Implementasi Sistem Pembelajaran Terpadu di Sekolah Dasar Islam Terpadu (SDIT) Ar-Risalah Surakarta

Citra Dewi, S10907006. 2009. Implementasi Sistem Pembelajaran Terpadu di Sekolah Dasar Islam Terpadu (SDIT) Ar-Risalah Surakarta. Tesis: Program Studi Teknologi Pendidikan, Pascasarjana Universitas Sebelas Maret Surakarta

Penelitian ini bertujuan untuk mengetahui: 1) Implementasi sistem pembelajaran terpadu di SDIT Ar-Risalah Surakarta meliputi desain pembelajaran, proses belajar mengajar dan evaluasi pembelajaran. 2) Peran implementasi sistem pembelajaran terpadu dalam meningkatkan keefektifan pembelajaran di SDIT Ar-Risalah Surakarta.
Penelitian dilaksanakan di SDIT Ar-Risalah Surakarta pada tahun pelajaran 2008/2009 semester kedua. Pendekatan penelitian yang digunakan adalah kualitatif yang bersifat deskriptif serta merupakan studi kasus. Pengambilan sampel dilakukan dengan purposive sampling. Sumber data diambil dari informan, tempat dan peristiwa, serta dokumen. Teknik pengumpulan data melalui wawancara, observasi, dan analisis dokumen. Uji keterpercayaan data menggunakan teknik triangulasi. Hasil penelitian dianalisis dengan menggunakan model analisis interaktif.

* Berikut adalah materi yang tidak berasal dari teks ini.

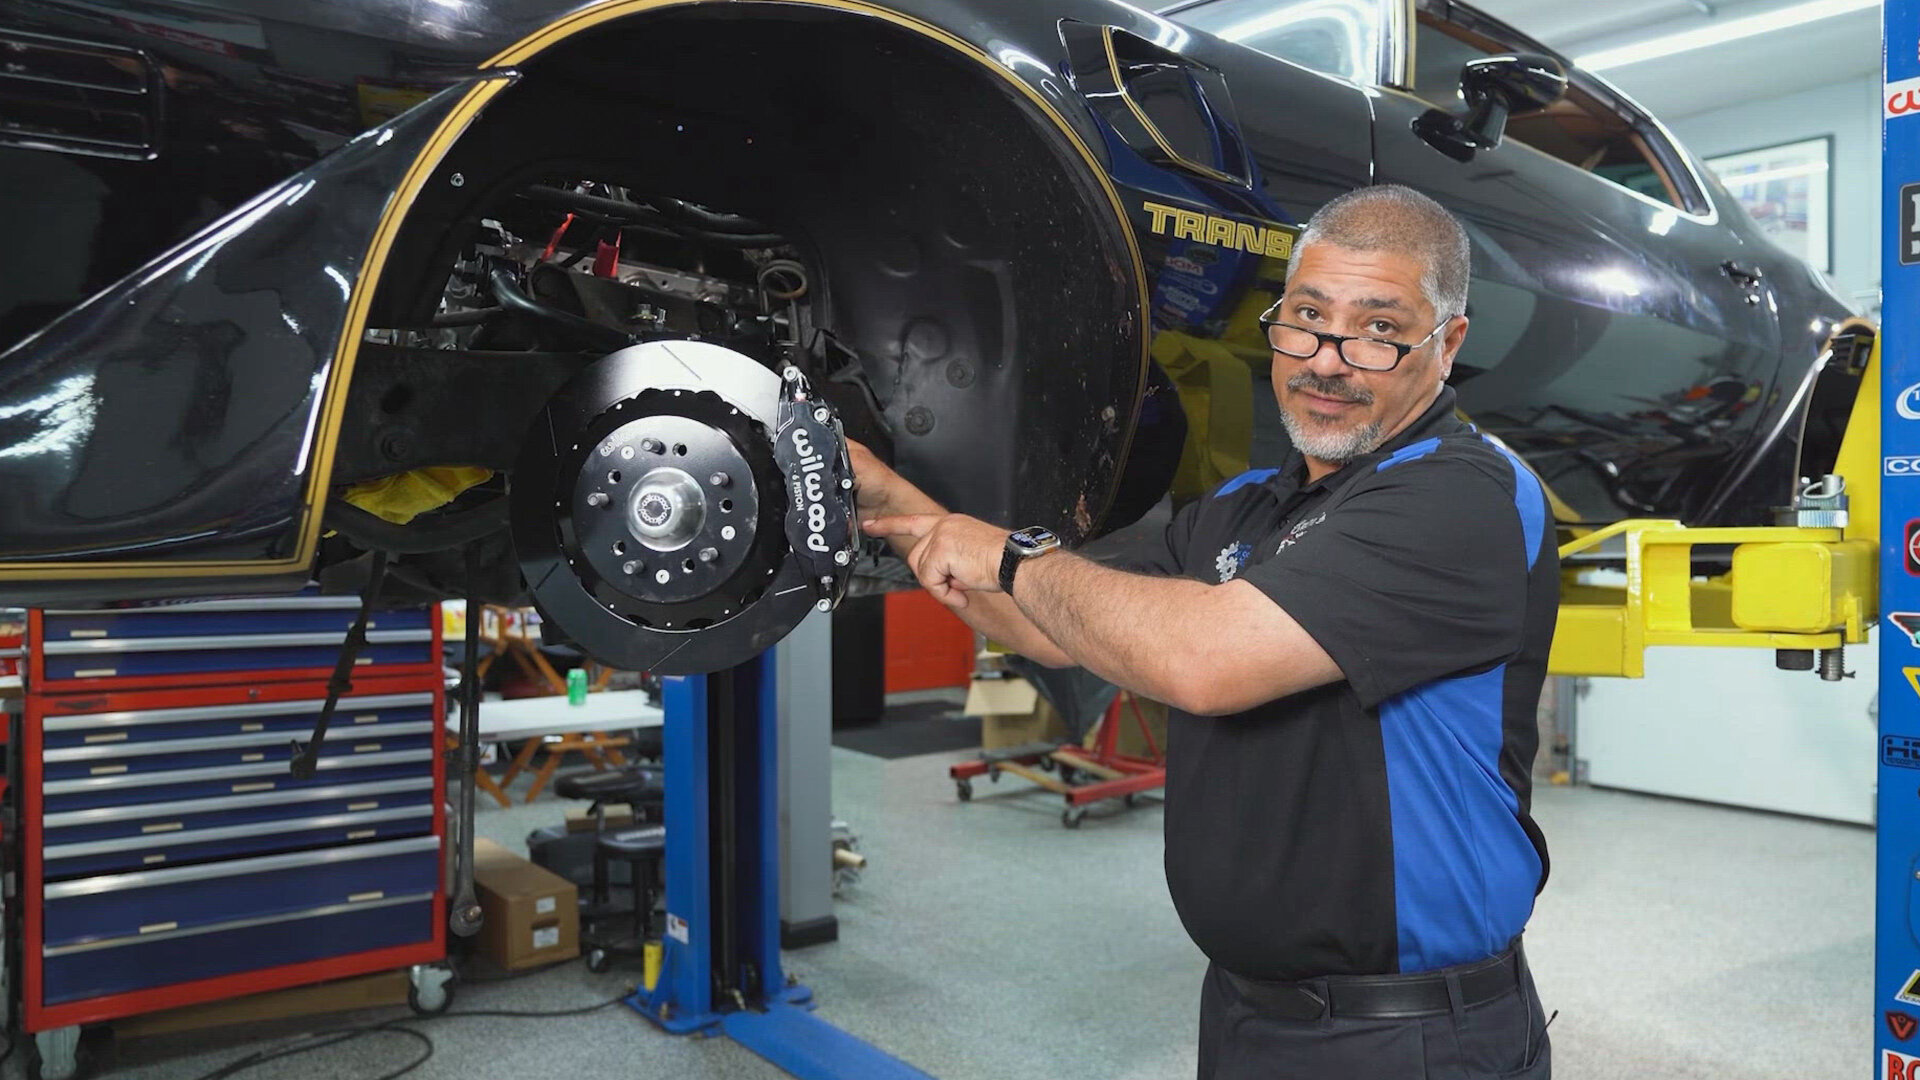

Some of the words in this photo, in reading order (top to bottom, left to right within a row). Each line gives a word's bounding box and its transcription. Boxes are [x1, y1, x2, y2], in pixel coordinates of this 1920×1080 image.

[1143, 201, 1294, 260] TRANS
[791, 428, 830, 552] wilwood
[793, 482, 805, 511] PISTON
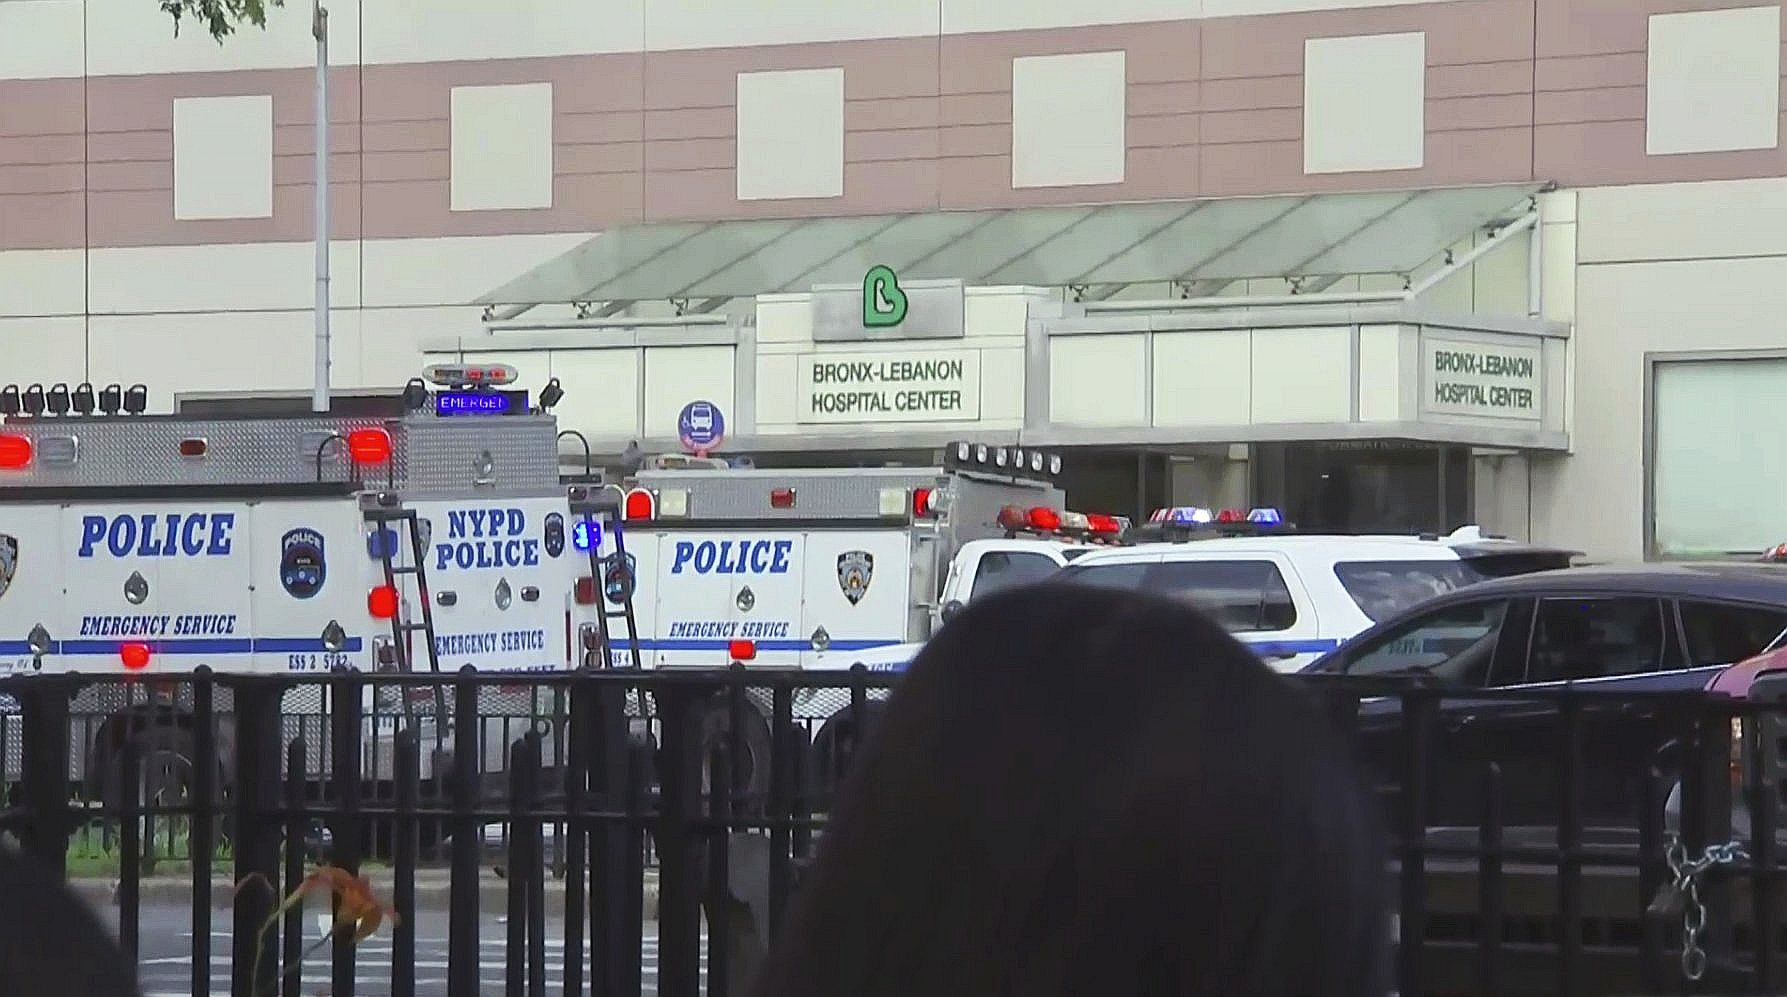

Hasil penelitian yaitu: 1) Definisi terpadu di SDIT Ar-Risalah Surakarta adalah keterpaduan antara kurikulum Diknas dan Depag yang mengalami penyesuaian dengan visi dan misi Yayasan Ar-Risalah Surakarta. 2) Implementasi sistem pembelajaran terpadu di SDIT Ar-Risalah Surakarta. Dalam perancangan pembelajaran terpadu digunakan Kurikulum Tingkat Satuan Pendidikan (KTSP); Dirancang jenis terjala (webbed) atau tematik untuk kelas bawah (1, 2, dan 3) dan jenis terkait untuk kelas atas (4, 5, dan 6); Mata pelajaran adalah PPKN, bahasa Indonesia, Matematika, IPA, IPS, KTK, dan bahasa Jawa; Tim penyusun kurikulum yaitu unsur sekolah dan komite sekolah dibawah koordinasi Dinas Pendidikan Kota; Sistematika rancangan pembelajaran terpadu: Tim penyusun kurikulum berkumpul untuk menentukan tema pada tiap bidang studi atau antarbidang studi dan membuat perangkat pembelajaran untuk tiap mata pelajaran. Proses pembelajaran masih kekurangan media tetapi strategi pembelajaran bervariasi. Evaluasi pembelajaran berupa kuis, tes harian, proyek dan portofolio. Hambatan dan kendala berasal dari guru, siswa, dan media. 3) Implementasi sistem pembelajaran terpadu meningkatkan keefektifan pembelajaran di SDIT Ar-Risalah Surakarta. Keefektifan pembelajaran terpadu tercermin dari bermaknanya pembelajaran. Pembelajaran yang bermakna menghasilkan siswa yang aktif dalam proses belajar mengajar yang menyenangkan, terjadi komunikasi dua arah guru dan murid sehingga menghasilkan prestasi yang baik.
Saran penelitian yaitu: 1) Bagi guru, disarankan adanya pemantapan konsep sistem pembelajaran terpadu terutama dari pihak Kepala Sekolah dan Wakil Kepala Sekolah Bidang Kurikulum jika diharapkan adanya perpaduan materi umum dan agama; Diadakan pelatihan tentang pembelajaran terpadu agar berkurang hambatan guru dalam menyiasati kurikulum yang padat; Bentuk instrumen nontes dalam evaluasi pembelajaran perlu ditambahkan agar keefektifan pembelajaran dapat terukur lebih jelas.Perlu adanya pemantapan konsep sistem pembelajaran terpadu di SDIT Ar-Risalah jika diharapkan adanya perpaduan materi umum dengan agama. 2) Bagi SDIT Ar-Risalah Surakarta, perlu menyediakan media, sarana dan prasarana penunjang pembelajaran agar proses pembelajaran menjadi lebih efektif. 3) Bagi orang tua, perlu melakukan timbal balik positif kepada pihak SDIT Ar-Risalah Surakarta dan guru tentang pembelajaran dan hasil belajar anak sehingga terjadi peningkatan keefektifan pembelajaran terpadu di SDIT Ar-Risalah Surakarta.